Gloucester, Rockport, and Essex representative Ann-Margaret Ferrante supports the bill. “The bill also provides additional state financial support to public schools to deliver high-quality education to every student, implements policy updates designed to maximize the impact of new funding in improving student outcomes, and identifies education policy areas requiring further analysis” said Ferrante in a September 26th press release

The bill would have a direct effect on the Gloucester Public Schools according to Superintendent of Schools Dr. Richard Safier. The increased funding could go towards covering transportation costs for special needs students, providing the resources needed by older English learners, and expanding mental health services in the schools.

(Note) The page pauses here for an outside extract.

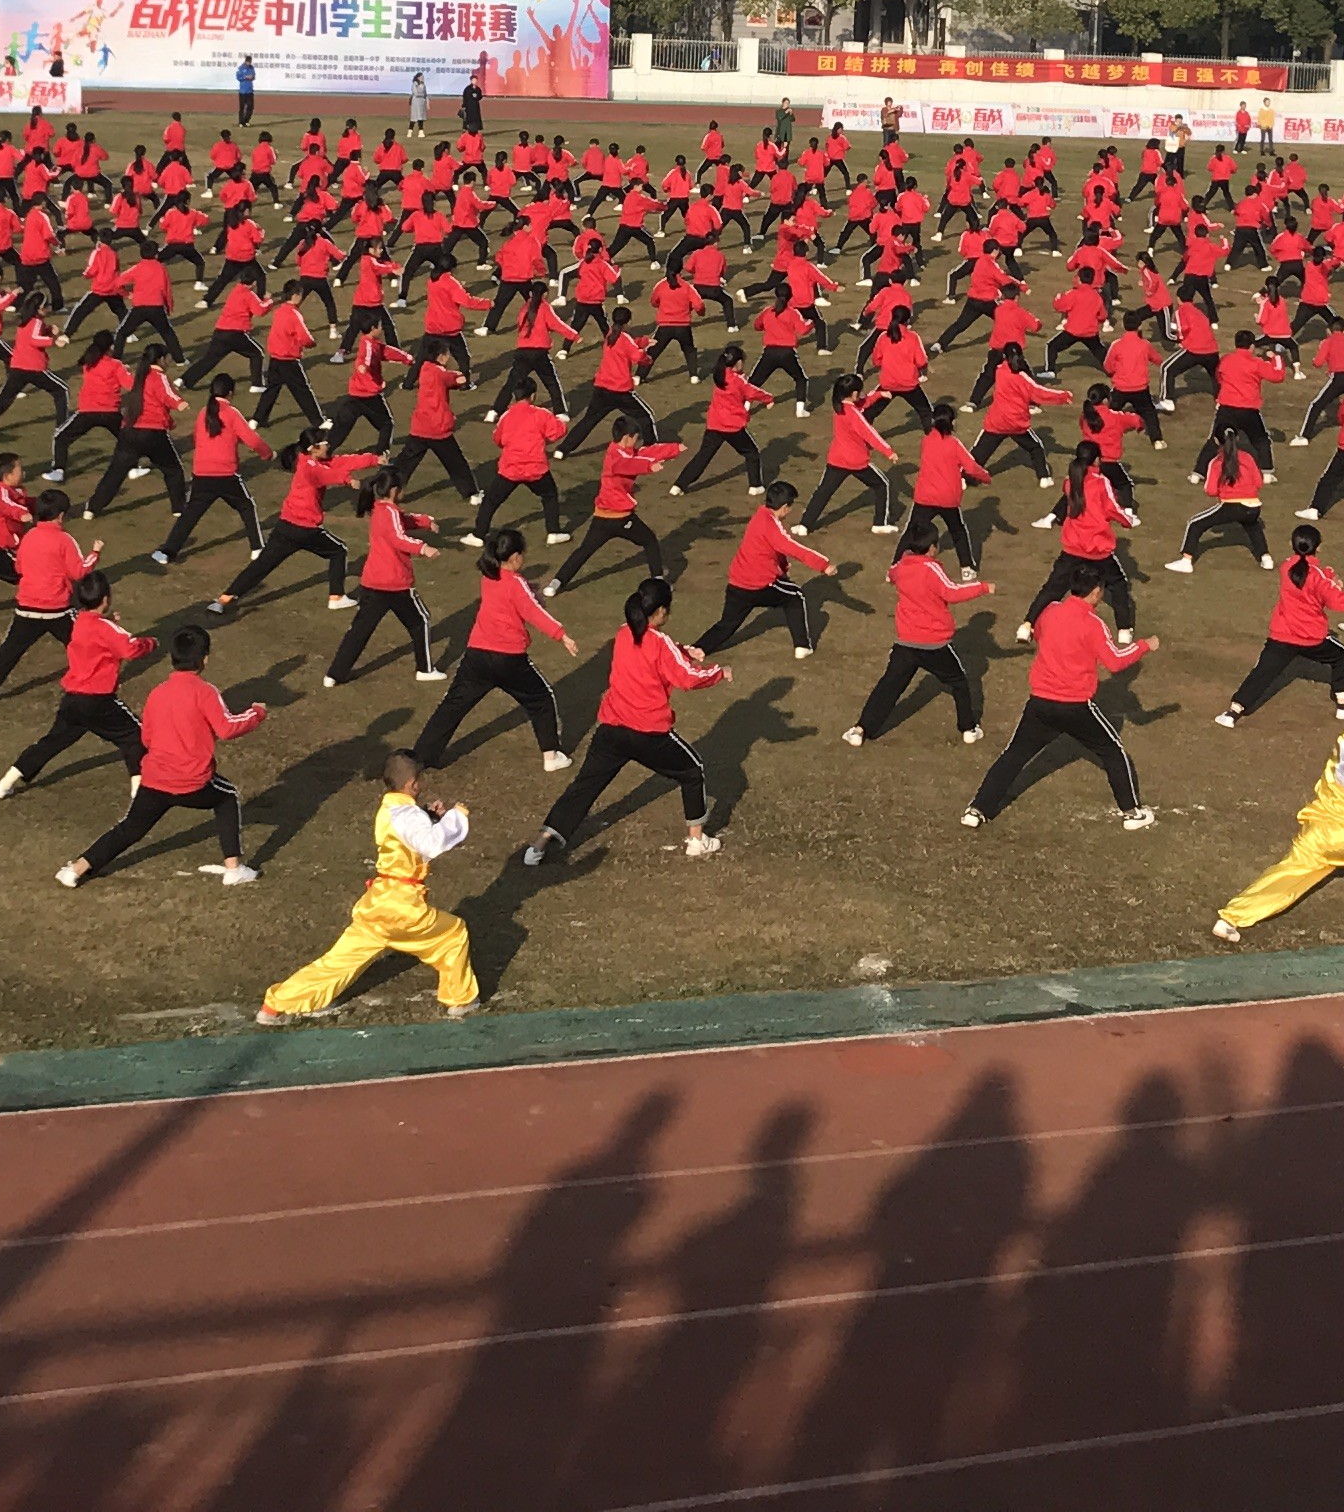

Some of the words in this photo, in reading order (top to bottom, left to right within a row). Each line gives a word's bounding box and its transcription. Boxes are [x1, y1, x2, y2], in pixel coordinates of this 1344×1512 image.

Increased funding would also enable the schools to more significantly account for employee and retiree healthcare costs. 

“The bill also recognizes percentages of students from low-income households to a greater degree than is currently accounted for,” said Safier. “The definition of low-income is returned to 185 percent of the Federal Poverty Level, as opposed to the 133 percent level that has been used in recent years.”

According to the text of the bill, districts receiving funding would develop a three year plan to reach targets established to address “persistent disparities in achievement among student subgroups,” and will be developed with input from “parents and other relevant community stakeholders.”

The proposed funding is in line with the recommendations of The Foundation Budget Review Commission issued in 2015, which stated that the cost of providing special education and health insurance has been underestimated, and that the funds provided for services for low income students and English language learners “are less than needed to fully provide the level of intervention and support needed to ensure the academic and social emotional success of these populations.”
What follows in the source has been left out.